On YouTube, teenagers are doing the things that teenagers have always done, but for an audience – of hundreds, thousands, tens of thousands, perhaps even more – making it unsurprising that a classic teenage rite of passage has crossed over to the web. In a video entitled I PIERCED MY OWN NOSE WITH A SAFETY PIN AT 14, a pretty, round-cheeked girl with bangs the colour of verdant moss looks straight into the camera. ‘It me, making a mistake again,’ she deadpans, leaning in to wipe her camera before presenting a sterilised safety pin, a gold-plated nose stud with a pink Swarovski crystal, and a bottle of surgical spirit. ‘I’ve got to say,’ she says with the practised ease of someone who has grown up speaking to subscribers the way the teenagers of my era, long ago, spoke only to their immediate peers, ‘out of all the things I’ve done – piercing my ear, tattooing myself – this is the one that I’m most nervous about because I know how easily my nose could get infected.’ Tellingly, she cuts the camera for the deed itself, and although it’s easy to assume that she has done so because showing the audience her pain is far too intimate, I am convinced that it has more to do with the typical reason teenagers, as they have always done, do at-home piercings with a safety pin: to maintain the illusion of chill, adult toughness, swagger being as essential to teen life as pilfered booze or shameful crushes. Teenagers stick safety pins through their lips, noses, ears et cetera for the same reason they compete to see who can drink the most, get the highest, drive the fastest, or casually fuck the hottest girls or boys – to demonstrate that the looming terror of adulthood, with its ugliness and its responsibility, does not intimidate them.
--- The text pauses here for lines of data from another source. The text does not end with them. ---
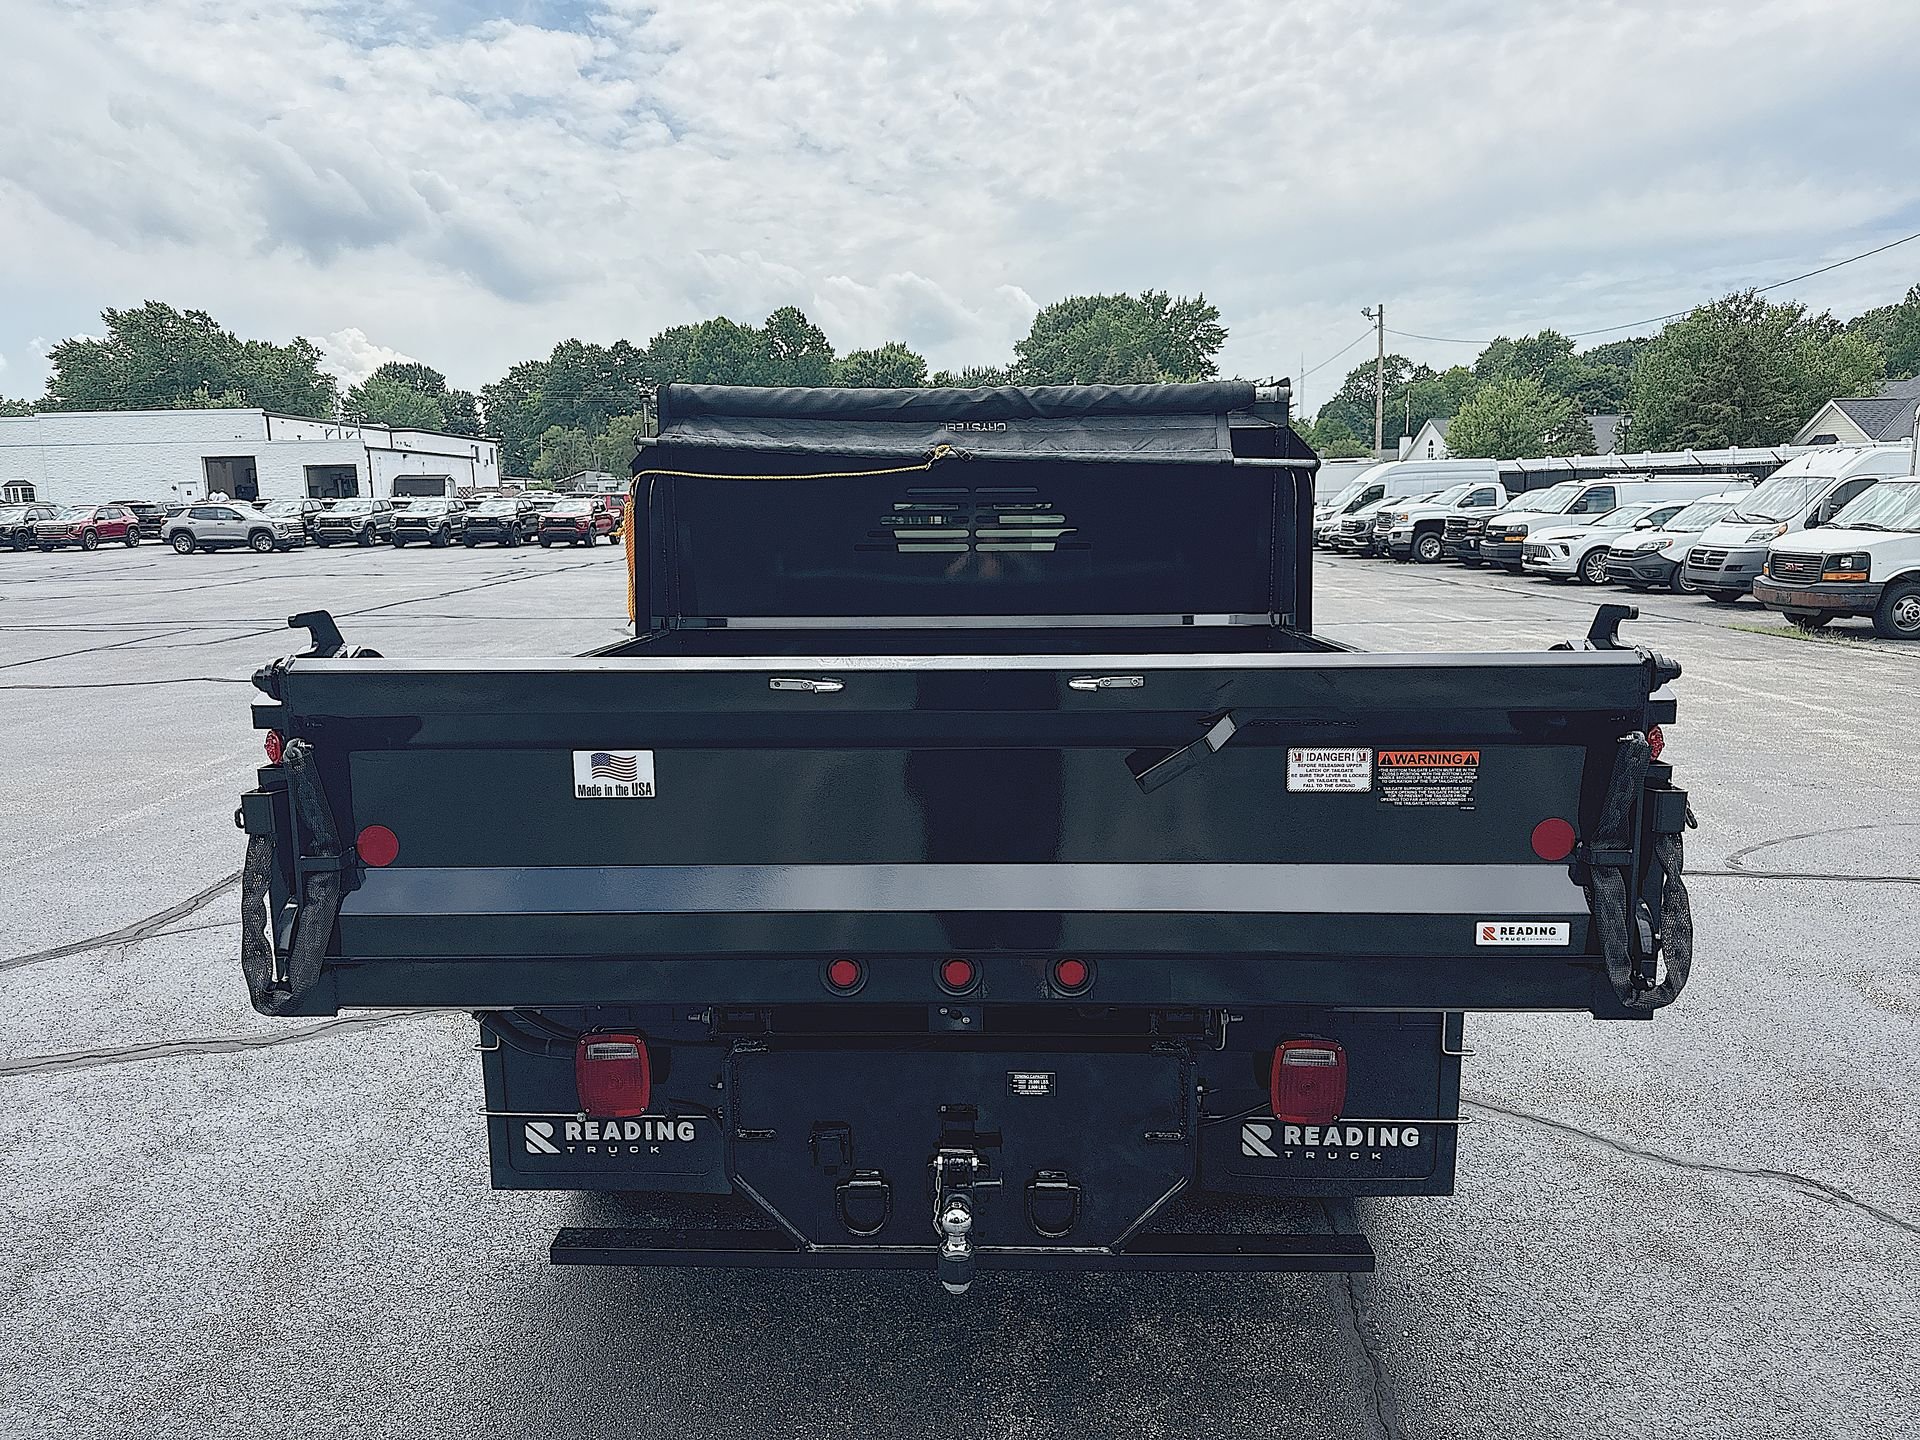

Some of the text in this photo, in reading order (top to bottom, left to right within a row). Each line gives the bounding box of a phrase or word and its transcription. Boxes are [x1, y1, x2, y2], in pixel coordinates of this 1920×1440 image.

[1306, 752, 1355, 762] !DANGER!
[1395, 754, 1462, 764] WARNING
[577, 782, 652, 797] Made in the USA
[1500, 926, 1557, 936] READING
[565, 1121, 695, 1142] READING
[1284, 1125, 1420, 1147] READING
[566, 1146, 660, 1154] TRUCK
[1284, 1151, 1382, 1160] TRUCK
Flipping through a host of other YouTube videos showing adolescents sticking safety pins into their bodies, most of them bright eyed and lightly dusted with pink acne, I thought about my friend Lizzie, who for the span of one summer as a teenager would give herself new piercings with a wine cork and a safety pin whenever she was bored.
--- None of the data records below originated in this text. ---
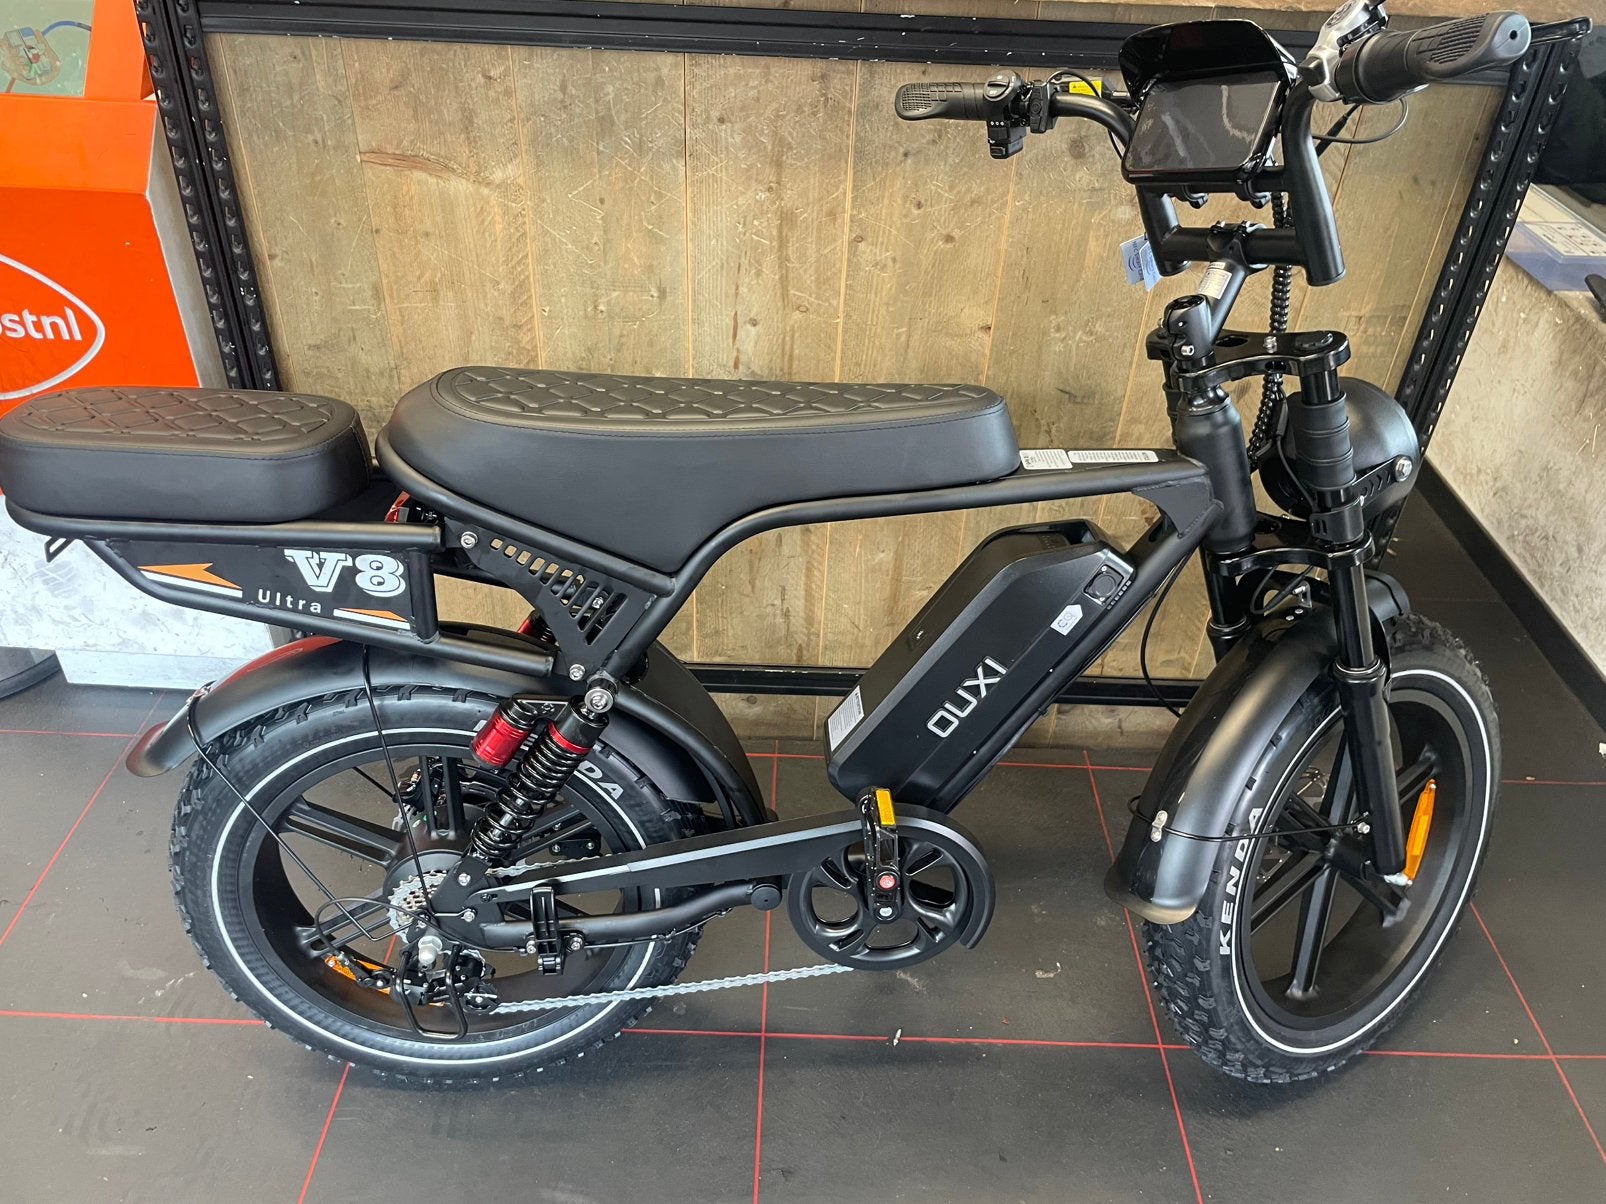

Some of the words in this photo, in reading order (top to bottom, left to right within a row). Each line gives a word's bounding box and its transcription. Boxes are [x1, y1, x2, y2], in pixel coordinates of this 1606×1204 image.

[0, 305, 83, 341] stnl
[283, 548, 406, 598] V8
[258, 588, 322, 614] Ultra
[926, 656, 1008, 738] OUXI
[1219, 807, 1264, 955] KENDA
Dry and quick witted with a slightly husky voice, her hair bleached platinum and her eyes ringed emphatically with kohl like wrong answers in a test, she was cool and funny and au fait with obscure indie music; she embodied what it actually meant for a fifteen-year-old to be an ‘old soul,’ which had nothing to do with a willingness to date middle-aged men the way that middle-aged men often say it does, and everything to do with a cool, preternatural air of jadedness. Already she seemed to have sussed out that the problem with the world was its inherent shittiness, and when she smoked a Marlboro Light and stared into the middle distance it was with the steely gravitas of someone twice her age – the steely gravitas, in other words, of someone who could stick a pin straight through her flesh without registering pain or discomfort. It may seem like a conceptual stretch, but I would argue that there is something in-between about the safety pin itself: between youth and experience, pain and nurture, innocence and kink. Think of the fact that concurrently with teenagers filming and then posting piercing videos there are clips on pornographic websites of submissives having safety pins pushed through their nipples or their testicles for punishment and pleasure; then consider the domestic function of the safety pin as, primarily, a tool for use in a cloth diaper, designed to prevent its sharp point from piercing the flesh of babies.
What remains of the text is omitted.